Referring to FIGS. 3 and 5 for the CCFL modules 31, 31′, three cold cathode fluorescent lamps 31a, 31b, 31c are grouped as a module and three CCFLs 31a′, 31b′, 31c′ are grouped as another module, the high voltage ends 32 and the feedback ends 33 of adjacent CCFL modules 31, 31′ are arranged alternately according to a preferred embodiment of the invention.

The drive transformer 45 drives the plurality of CCFL modules 31, 31′ to light up and the feedback end 33 of each CCFL module 31, 31′ feeds back the current to the PWM control unit 36 through the two return boards 34, 35, and the PWM control unit 36 detects the current of the CCFL modules 31, 31′ to output a resonant frequency, and control the average current of several adjacent CCFL modules 31, 31′.
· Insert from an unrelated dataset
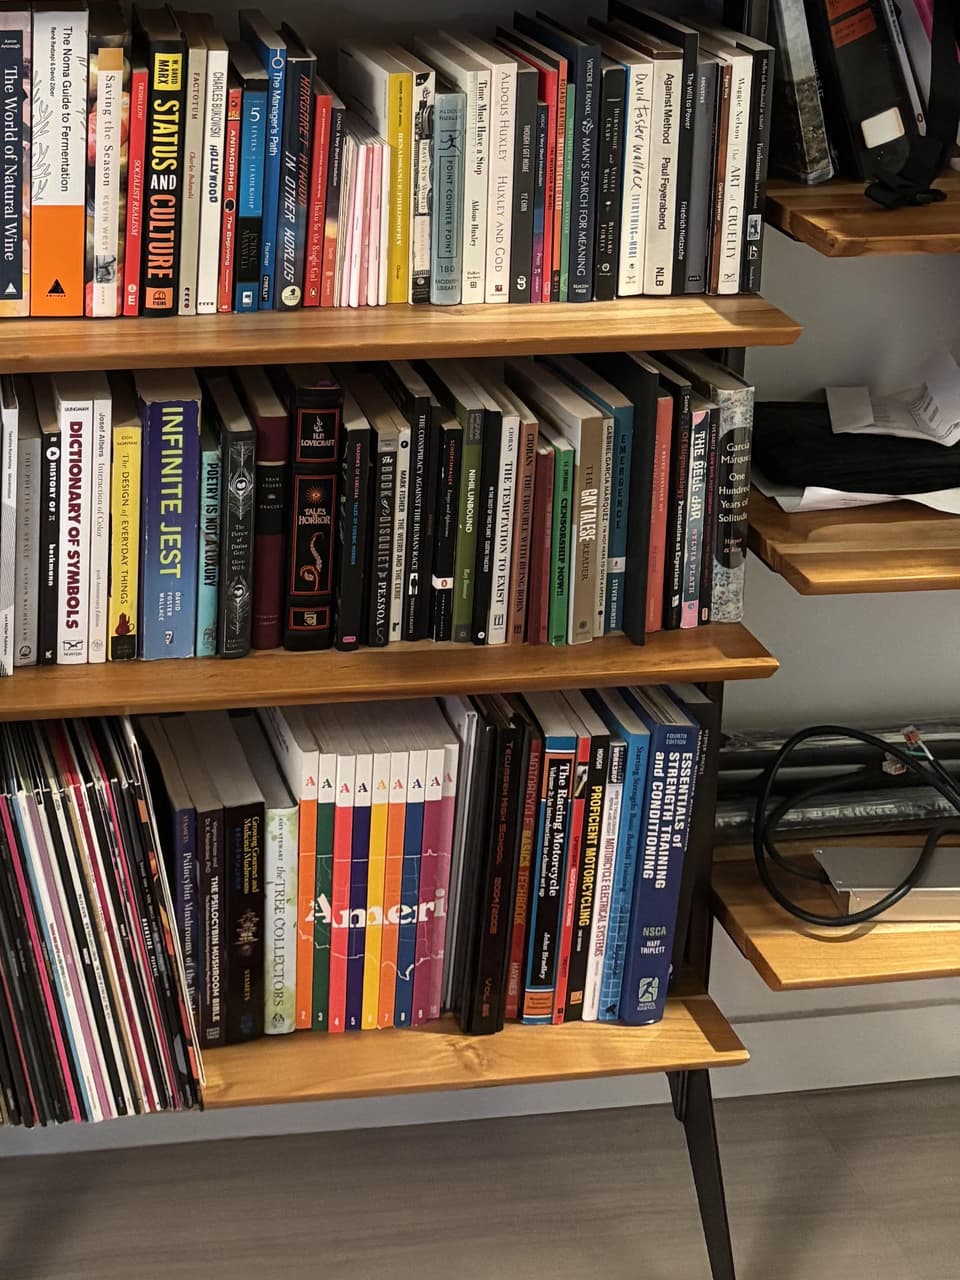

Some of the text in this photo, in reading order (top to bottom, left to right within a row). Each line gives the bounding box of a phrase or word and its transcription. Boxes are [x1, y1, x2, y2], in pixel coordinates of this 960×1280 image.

In view of the description above, the present invention definitely overcomes the shortcomings of the prior art and has the following advantages:

1. The present invention arranges the adjacent CCFL modules alternately, such that the high voltage ends of the lamps are arranged alternately, and thus will not overheat one side of the lamp when the lamp is lit.

2. The feedback ends of several lamps of the present invention are connected in series, and all coupled to the two return boards, not only saving wire material, lowering the consumption of voltage for transmission, and increasing the stability of the circuit, but also making the manufacture easy and the cost lower.

3. The present invention arranges the high voltage end and the feedback end of several lamps alternately, so that the current of each CCFL can be more evenly distributed, and thus achieving the purpose of even lighting.

While the invention has been described by way of example and in terms of a preferred embodiment, it is to be understood that the invention is not limited thereto. To the contrary, it is intended to cover vanous modifications and similar arrangements and procedures, and the scope of the appended claims therefore should be accorded the broadest interpretation so as to encompass all such modifications and similar arrangements and procedures.